The word genocide, broken down into its base parts, is nothing more – or less – than the intent to exterminate an entire group of people for no other reason than their race, religion, ethnicity or nationality. In the case of the Armenian Genocide, the existence of Armenians around the world today evinces the manifest failure to exterminate the Armenian people. However, Turkey’s century-long genocide-denial campaign, in a misguided attempt to revise the darkest chapter in Ottoman history, proved detrimental to humanity at large. Had the world unequivocally recognized and forcefully condemned the Armenian Genocide one hundred years ago, it may have deterred countless genocides in the 20th century and the outbreak of the more recent military attack by Azerbaijan and Turkey on Armenian civilians in 2020.
From 1915-1923, 1.5 million Armenian men, women and children were systematically murdered by the Ottoman Empire during the Armenian Genocide.
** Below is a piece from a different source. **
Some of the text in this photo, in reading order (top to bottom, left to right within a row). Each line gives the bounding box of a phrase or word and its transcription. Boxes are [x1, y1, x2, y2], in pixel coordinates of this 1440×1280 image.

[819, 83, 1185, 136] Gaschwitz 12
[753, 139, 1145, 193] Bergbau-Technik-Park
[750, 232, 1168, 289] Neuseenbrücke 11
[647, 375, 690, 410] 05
Armenian children who were not murdered were stripped of their Armenian identities in Turkish orphanages, and many were enslaved into the Ottoman army. The surviving Armenians, and other Christian minorities including Greeks, Assyrians and Chaldeans, were forced out of the Ottoman Empire (which successively became the modern-day Republic of Turkey) on death marches (without food or water) through the unforgiving Syrian desert.
Genocide Watch explains that the tenth and final stage of genocide is denial. And so, for over a century, the survivors of the Armenian Genocide, and their progeny, championed an important call to action: the world’s recognition of the 1.5 million martyred souls who were systematically murdered at the hands of the Ottoman Empire. Unfortunately, such recognition was slow to come to the few countries with the political will to stand up to the Republic of Turkey, which denies the immutable facts to this day. Then, in 2019, both chambers of the United States Congress voted near-unanimously to recognize the Armenian Genocide.
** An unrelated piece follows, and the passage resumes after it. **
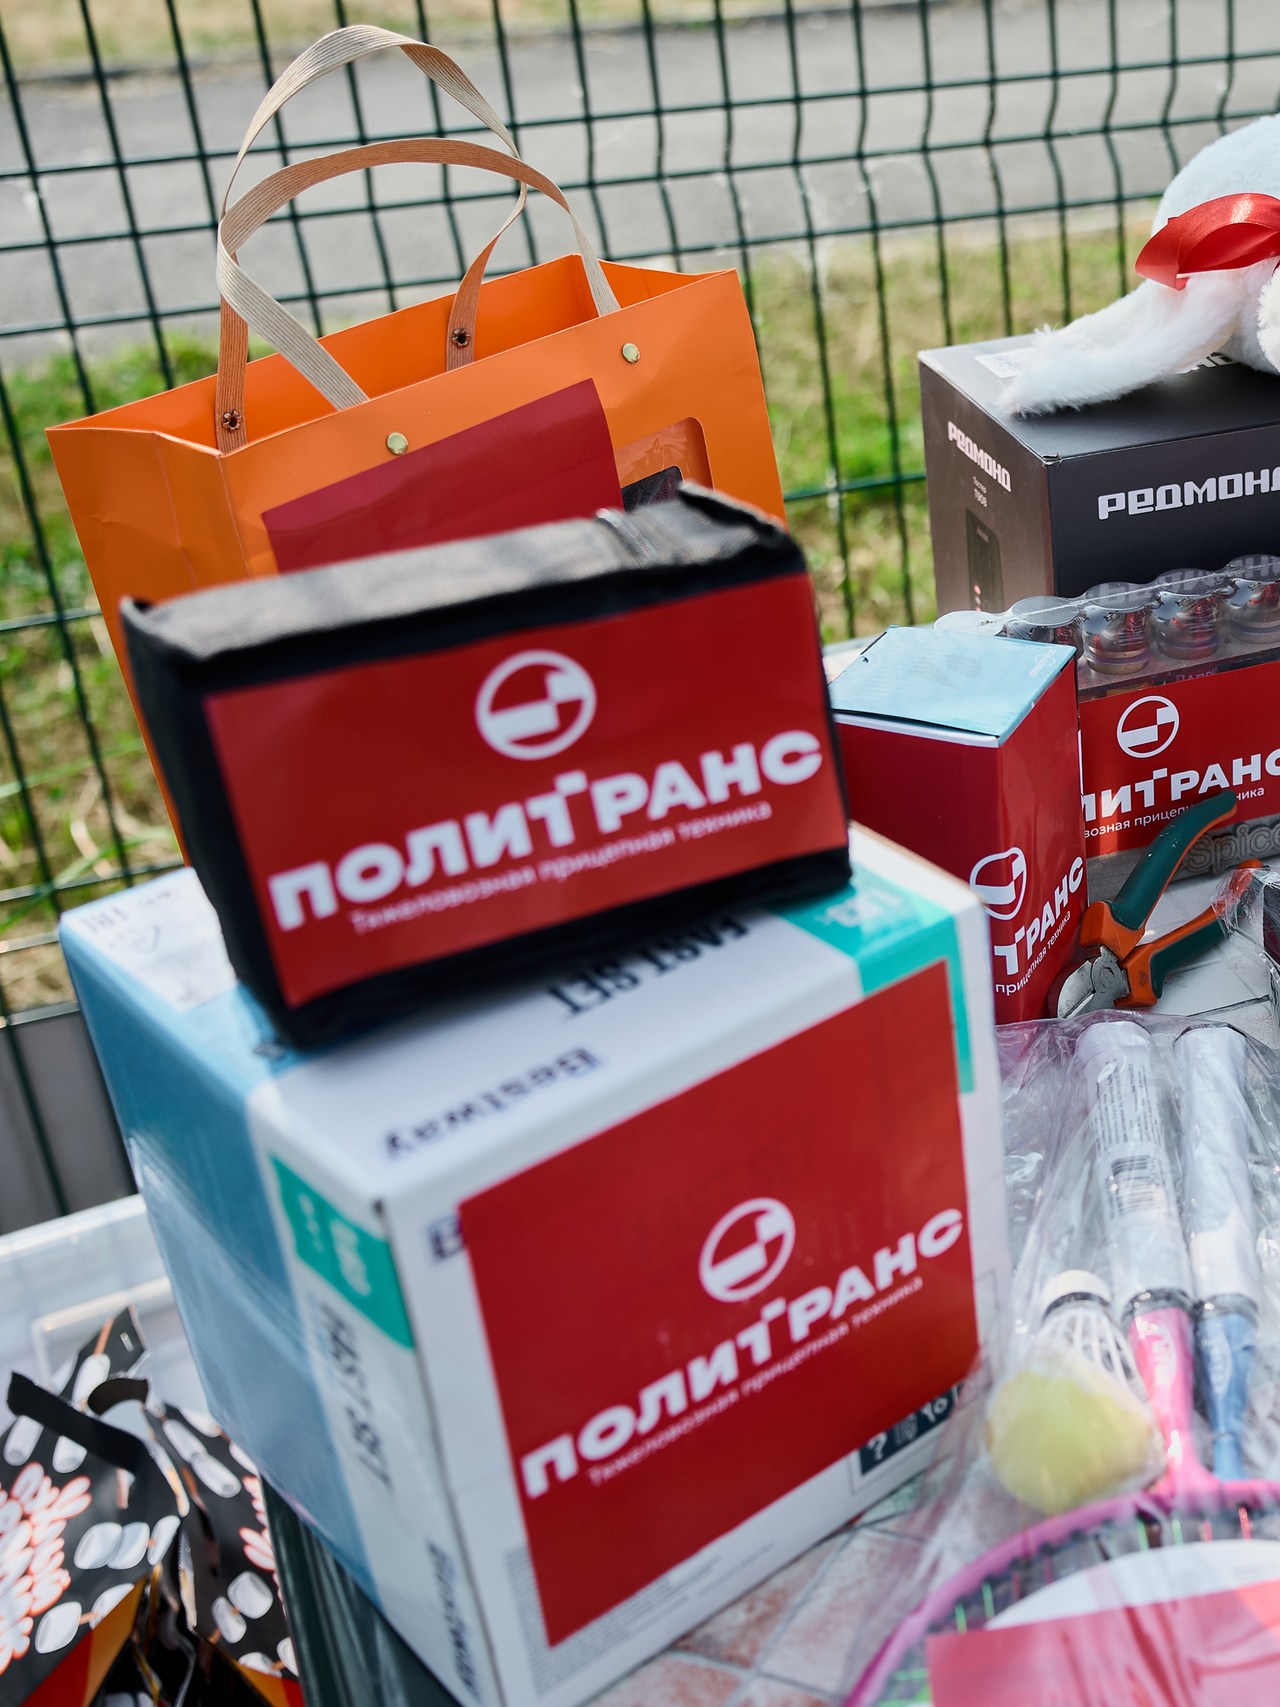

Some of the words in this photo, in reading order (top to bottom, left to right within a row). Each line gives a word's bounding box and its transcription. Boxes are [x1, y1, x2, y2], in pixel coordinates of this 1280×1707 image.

Still, the calls to finish the genocide echoed in the halls of Erdogan’s palace in Ankara. On Sept. 27, 2020, amid the worldwide COVID-19 pandemic, Turkey joined forces with Turkic kin in the Republic of Azerbaijan to engage in a military attack on the indigenous Armenian population of the Republic of Artsakh, employing Syrian mercenaries and ISIS terrorists. Thousands died while hospitals, schools and churches were bombed by drone warfare. Survivors in many of the regions were forced to flee their homes and seek shelter in Armenia, where they are currently refugees. It was a sequel that no one saw coming – no one except for those familiar with the events of 1915.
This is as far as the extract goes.